# ABOUT THIS EXERCISE:
Word for word, print each record, dropping any image it holds.

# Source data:
[Start of Attachment]
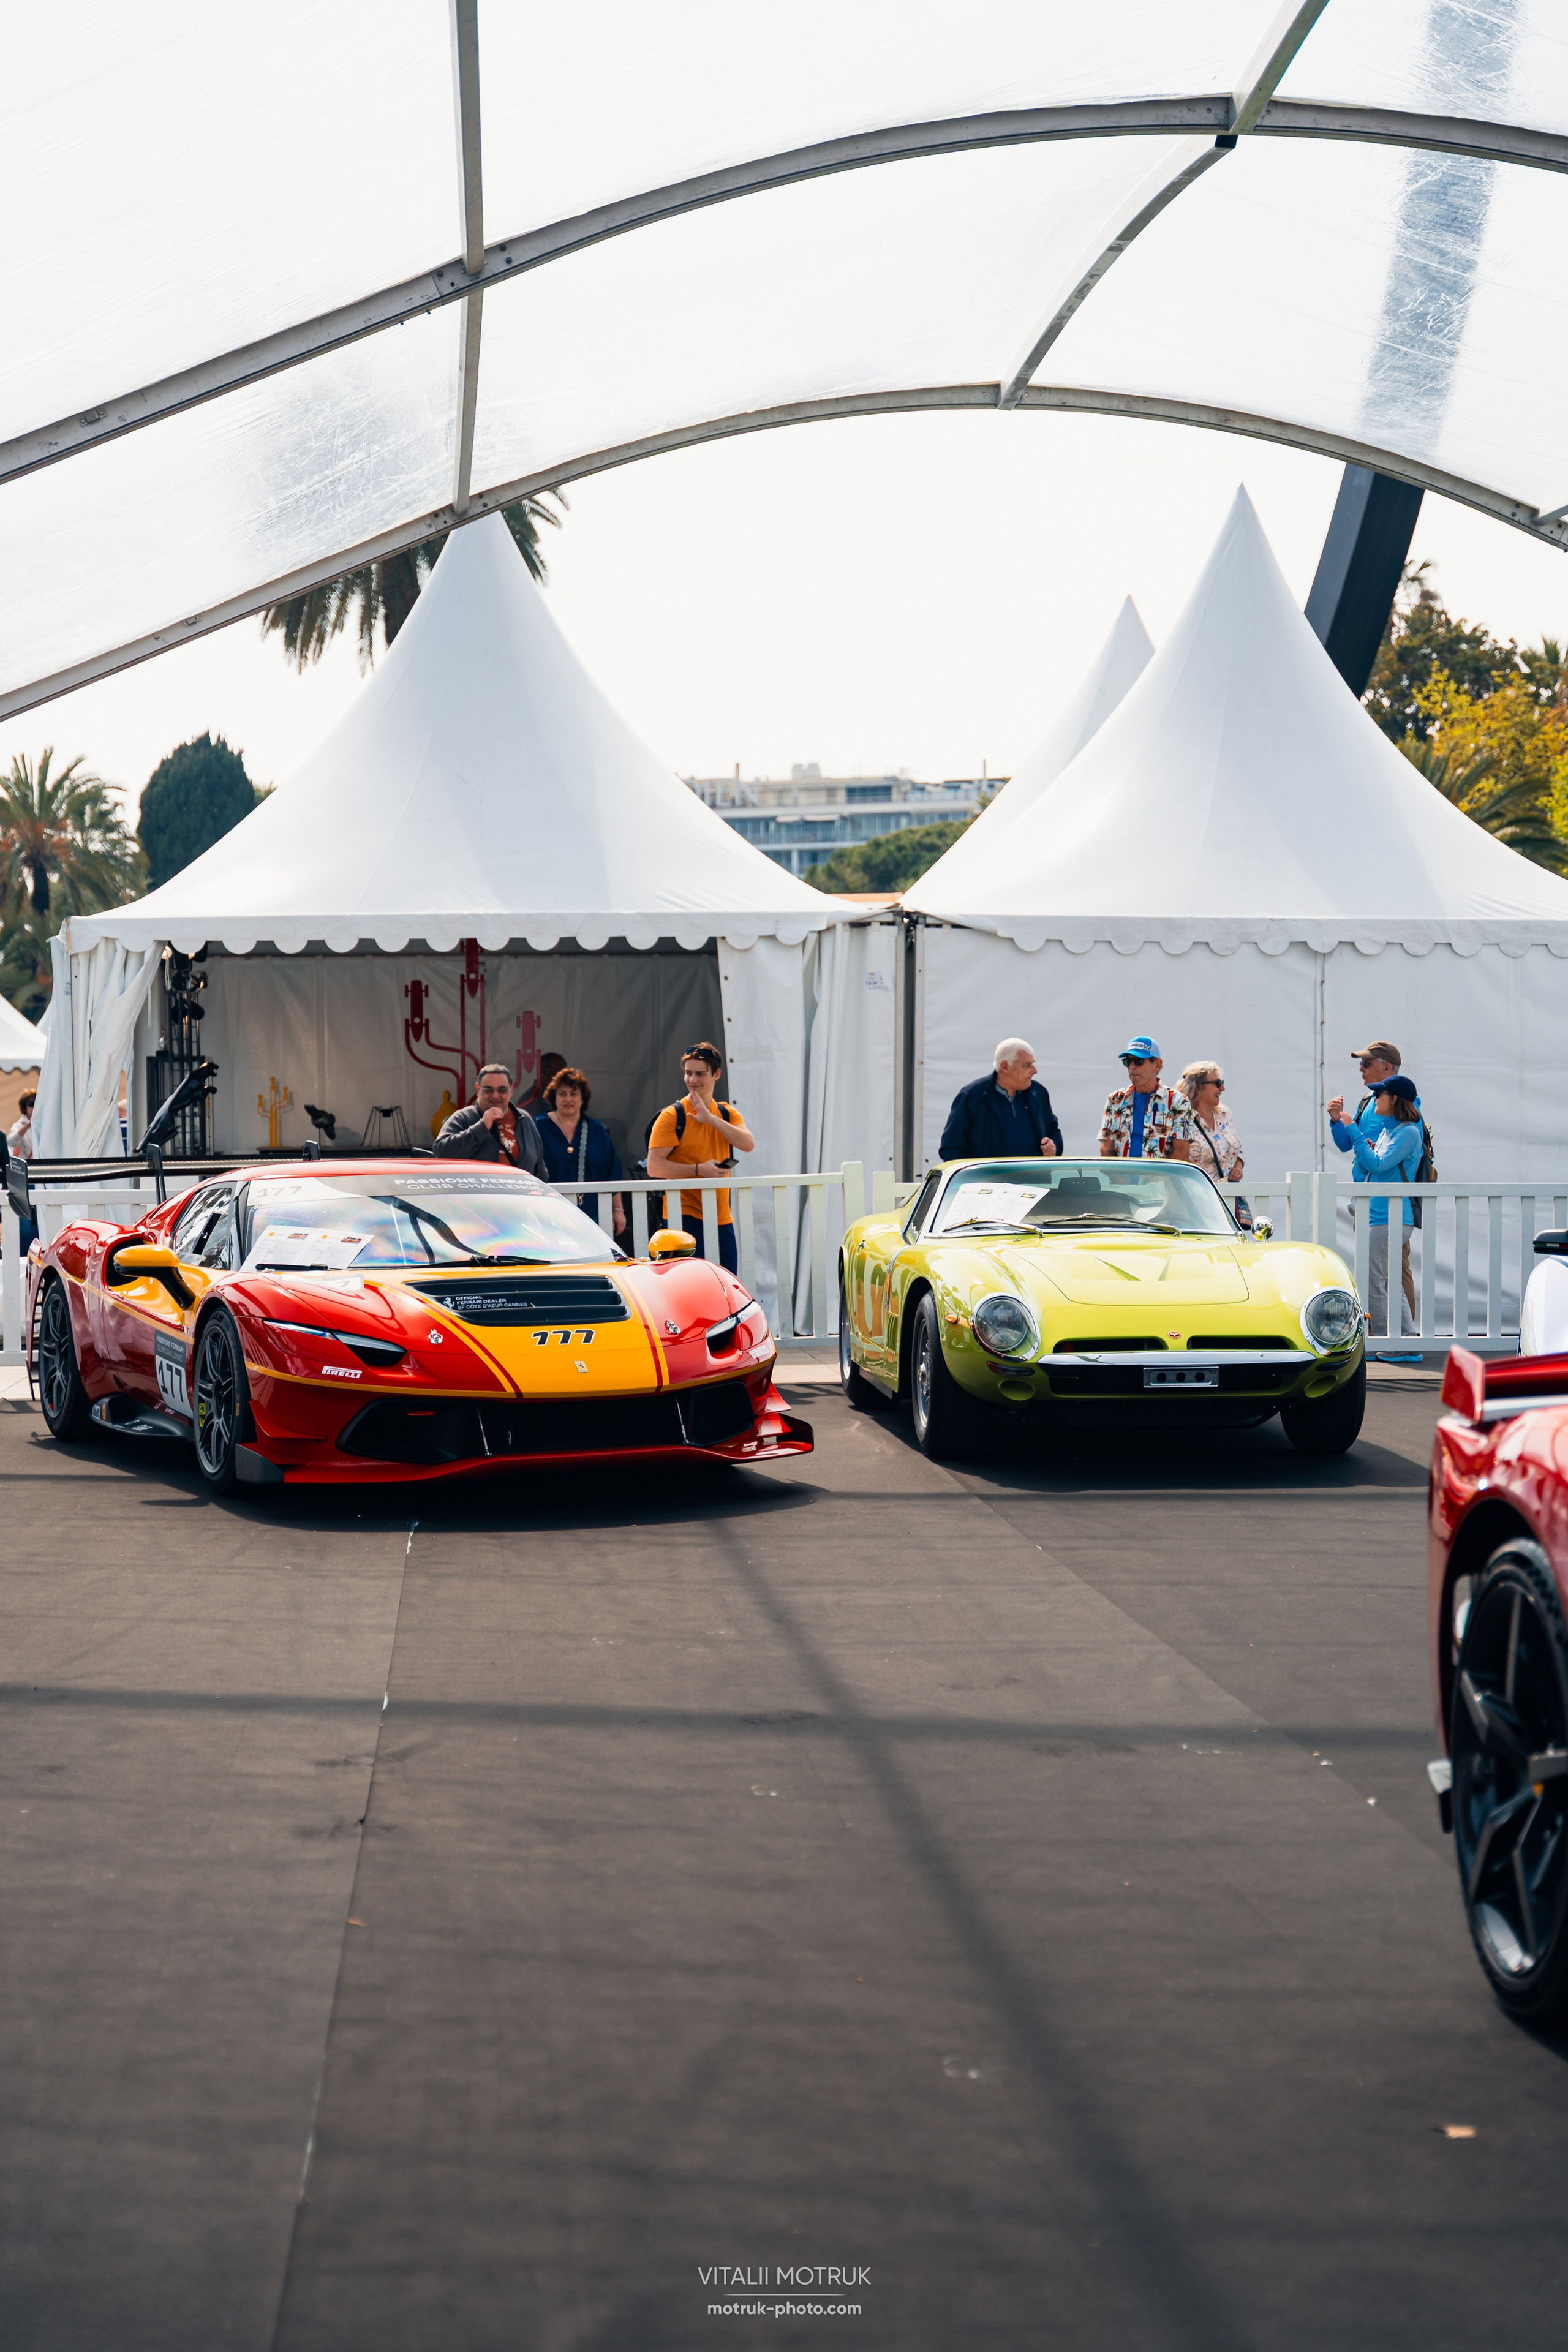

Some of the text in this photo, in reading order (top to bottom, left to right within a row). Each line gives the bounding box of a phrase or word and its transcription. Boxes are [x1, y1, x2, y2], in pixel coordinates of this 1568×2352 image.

[257, 1186, 302, 1197] 177
[456, 1183, 545, 1191] CHALLENGE
[531, 1329, 595, 1346] 177
[171, 1342, 184, 1353] FERRARI
[321, 1365, 363, 1379] PIRELLI
[158, 1360, 184, 1403] 177
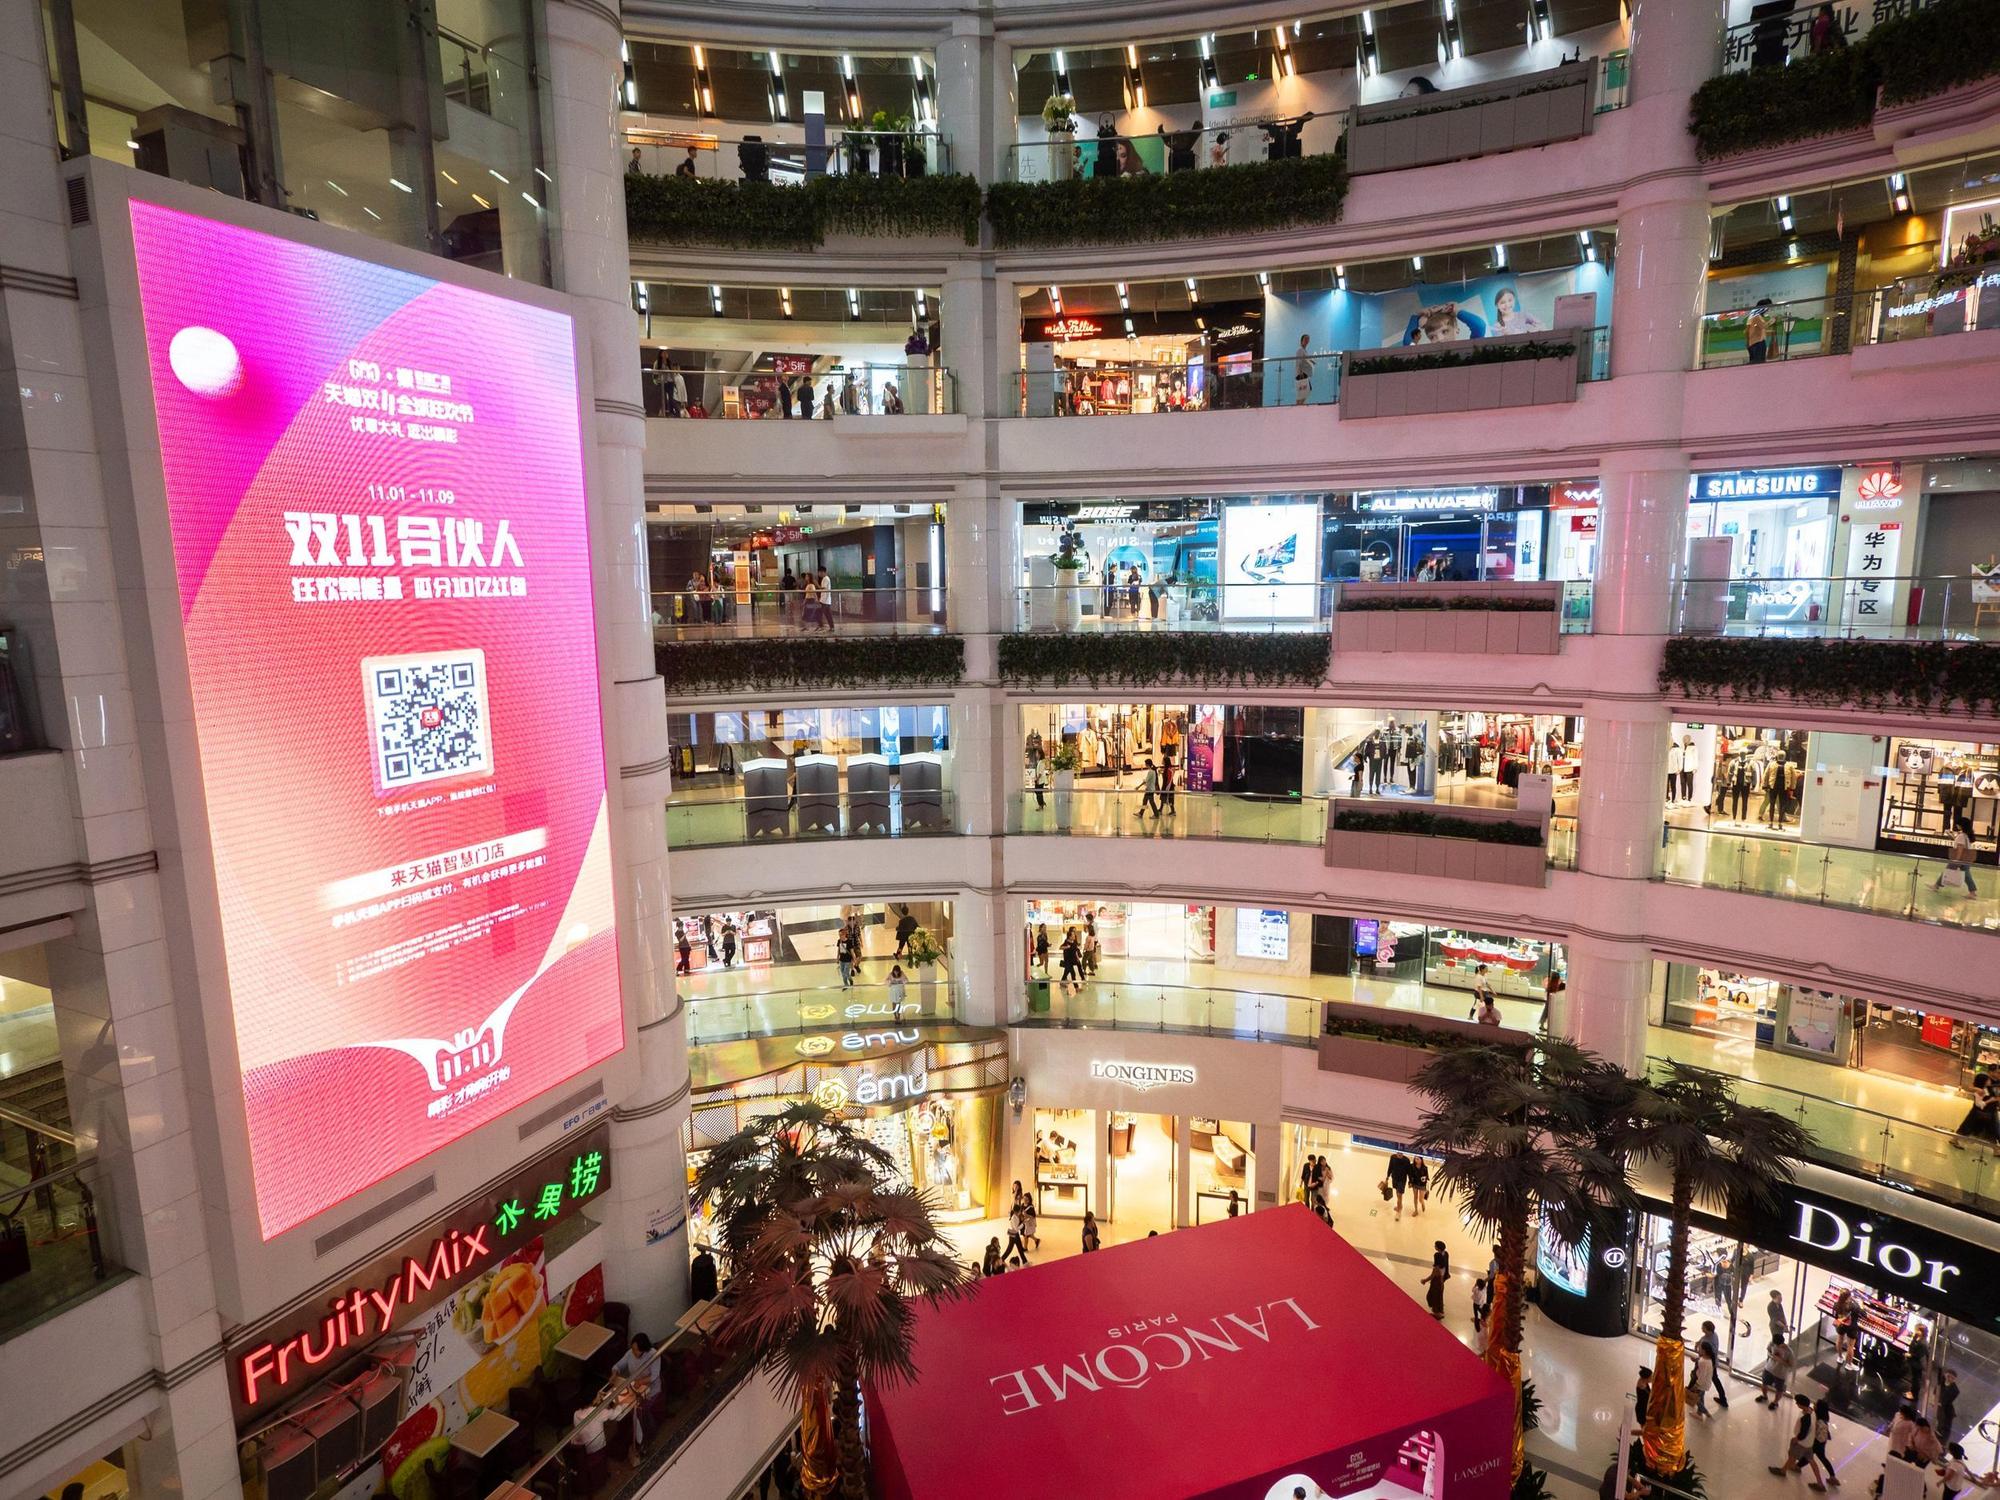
[End of Attachment]
# ANSWER TO THE EXERCISE:
Some of the text in this photo, in reading order (top to bottom, left to right within a row). Each line gives the bounding box of a phrase or word and its transcription. Boxes are [x1, y1, x2, y2], in pixel coordinates of this 1568×2352 image.

[257, 1186, 302, 1197] 177
[456, 1183, 545, 1191] CHALLENGE
[531, 1329, 595, 1346] 177
[171, 1342, 184, 1353] FERRARI
[321, 1365, 363, 1379] PIRELLI
[158, 1360, 184, 1403] 177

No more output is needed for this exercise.